Il paesaggio splendido. La strada, che costituisce l’unico collegamento dell’area sud del Cile con il resto del Paese e che porta un nome così importante, è più o meno come sono le strade del nostro altopiano di Asiago che portano i turisti alle malghe. Quasi tutto il percorso si sviluppa su sterrato.
La vegetazione lussureggiante invade da ambo i lati parte della carreggiata che di per sè non è molto larga. Due mezzi, incrociandosi, non potrebbero passare. Fortunatamente il traffico è estremamente limitato. Oggi, in 150 km, abbiamo incontrato 2 fuoristrada e nient’altro.
La pista, credo sia più opportuno chiamarla così, sale e scende di quota tra boschi di aspetto tropicale, in vicinanza di ghiacciai eterni.
Questa è una terra di contrasti. Caldo e freddo, deserto e foresta, siccità e laghi, tutto dai connotati molto netti, molto duri.
E qui, in Cile, anche la gente è diversa. Già dalla frontiera si percepisce che il clima è più severo, in tutti i sensi. C’è più burocrazia. La gente non ha voglia o tempo per farsi attorno a noi, come succede invece in Argentina. Sembra quasi che le persone siano troppo indaffarate a sopravvivere.
Il clima è duro e già ora fa freddo. Passando nei villaggi, meglio sarebbe dire tra le rare baracche che affiancano la strada, anche a distanza di 100 chilometri un gruppo dal successivo, si nota solamente l’attività dei boscaioli che stanno preparando la legna per l’inverno. Grandi cataste attorniano le povere casupole e dai camini di tutte esce il fumo.
All’imbrunire fa già freddo. Mi chiedo come facciano a trascorrere il lungo inverno vivendo così isolati dal resto del mondo. Non ci sono collegamenti telefonici e tantomeno di rete. Non credo ci sia la televisione. Le case sono povere. Quasi tutte in legno e lamiera, alcune sono costituite da prefabbricati da campo, cui hanno aggiunto porticati o tettoie. Spesso sono dipinte con colori vivaci, giallo, rosso, azzurro. Si sono appropriati dei posti più improbabili per viverci.
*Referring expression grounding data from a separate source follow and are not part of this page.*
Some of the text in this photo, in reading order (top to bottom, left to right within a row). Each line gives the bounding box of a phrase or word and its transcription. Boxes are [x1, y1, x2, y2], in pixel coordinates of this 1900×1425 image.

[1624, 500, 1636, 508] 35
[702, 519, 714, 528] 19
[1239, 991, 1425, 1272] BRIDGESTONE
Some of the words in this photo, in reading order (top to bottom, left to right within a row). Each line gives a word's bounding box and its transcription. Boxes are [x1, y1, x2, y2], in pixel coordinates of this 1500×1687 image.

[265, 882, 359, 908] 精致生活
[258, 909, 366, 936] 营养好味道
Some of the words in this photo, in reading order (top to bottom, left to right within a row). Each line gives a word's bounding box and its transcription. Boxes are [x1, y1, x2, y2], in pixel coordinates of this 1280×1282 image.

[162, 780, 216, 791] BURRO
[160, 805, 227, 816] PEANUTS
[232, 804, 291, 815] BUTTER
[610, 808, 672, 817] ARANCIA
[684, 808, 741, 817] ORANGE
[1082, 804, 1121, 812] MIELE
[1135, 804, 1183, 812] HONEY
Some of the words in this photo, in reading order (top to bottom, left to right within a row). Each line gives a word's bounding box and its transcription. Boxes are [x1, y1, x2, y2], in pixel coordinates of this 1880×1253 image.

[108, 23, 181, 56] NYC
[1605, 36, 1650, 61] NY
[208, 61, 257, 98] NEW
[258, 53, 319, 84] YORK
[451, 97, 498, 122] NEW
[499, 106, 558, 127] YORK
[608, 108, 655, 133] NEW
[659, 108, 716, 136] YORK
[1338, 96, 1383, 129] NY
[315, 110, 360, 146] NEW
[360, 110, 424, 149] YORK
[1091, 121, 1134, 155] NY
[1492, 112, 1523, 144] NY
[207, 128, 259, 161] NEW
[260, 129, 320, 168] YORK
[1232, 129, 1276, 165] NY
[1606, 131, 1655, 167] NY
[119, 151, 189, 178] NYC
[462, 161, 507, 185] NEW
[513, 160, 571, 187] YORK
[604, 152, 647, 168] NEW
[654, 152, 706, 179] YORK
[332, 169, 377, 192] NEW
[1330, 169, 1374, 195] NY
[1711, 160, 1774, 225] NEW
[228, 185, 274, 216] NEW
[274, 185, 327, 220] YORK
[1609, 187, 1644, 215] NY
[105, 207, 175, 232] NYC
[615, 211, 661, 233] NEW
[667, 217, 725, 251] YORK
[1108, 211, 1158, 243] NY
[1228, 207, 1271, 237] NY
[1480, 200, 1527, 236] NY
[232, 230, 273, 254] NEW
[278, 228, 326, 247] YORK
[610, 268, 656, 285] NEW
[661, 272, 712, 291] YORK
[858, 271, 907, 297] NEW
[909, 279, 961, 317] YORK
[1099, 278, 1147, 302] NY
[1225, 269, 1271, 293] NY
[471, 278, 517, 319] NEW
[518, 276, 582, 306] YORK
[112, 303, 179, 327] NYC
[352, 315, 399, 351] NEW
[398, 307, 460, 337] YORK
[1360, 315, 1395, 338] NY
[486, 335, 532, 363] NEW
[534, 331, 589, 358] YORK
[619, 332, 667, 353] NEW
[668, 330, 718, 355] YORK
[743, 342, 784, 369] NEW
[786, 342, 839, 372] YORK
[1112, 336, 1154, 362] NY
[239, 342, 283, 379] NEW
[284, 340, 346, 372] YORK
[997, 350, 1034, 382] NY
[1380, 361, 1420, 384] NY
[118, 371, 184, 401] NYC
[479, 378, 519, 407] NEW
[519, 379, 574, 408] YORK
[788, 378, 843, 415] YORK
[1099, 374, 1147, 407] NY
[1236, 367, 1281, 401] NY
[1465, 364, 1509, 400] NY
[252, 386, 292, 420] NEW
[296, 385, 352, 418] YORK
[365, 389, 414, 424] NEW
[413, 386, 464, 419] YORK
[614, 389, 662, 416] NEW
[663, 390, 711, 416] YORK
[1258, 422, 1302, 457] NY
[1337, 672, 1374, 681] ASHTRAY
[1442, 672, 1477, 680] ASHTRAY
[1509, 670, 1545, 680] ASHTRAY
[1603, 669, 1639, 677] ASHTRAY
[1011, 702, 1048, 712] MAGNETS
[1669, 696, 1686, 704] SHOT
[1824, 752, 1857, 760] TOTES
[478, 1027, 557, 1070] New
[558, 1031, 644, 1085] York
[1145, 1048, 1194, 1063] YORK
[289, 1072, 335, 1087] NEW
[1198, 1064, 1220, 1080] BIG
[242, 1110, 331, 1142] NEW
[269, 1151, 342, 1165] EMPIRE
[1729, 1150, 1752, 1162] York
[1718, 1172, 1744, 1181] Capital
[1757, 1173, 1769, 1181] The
Bambini se ne vedono pochi, però in ogni villaggio ho sempre visto un parchetto con i giochi classici dei bimbi, con altalene e scivoli.
Tra le case e nei dintorni dei pueblos non c’è disordine, non ci sono immondizie abbandonate. Credo che qui ogni cosa sia preziosa e non si possano permettere sprechi. Ricordo che anche in Algeria, molti anni fa, durante un viaggio attraverso il deserto, i bambini si contendevano le nostre bottiglie di plastia vuote. Tutto può essere utile, a chi non ha niente.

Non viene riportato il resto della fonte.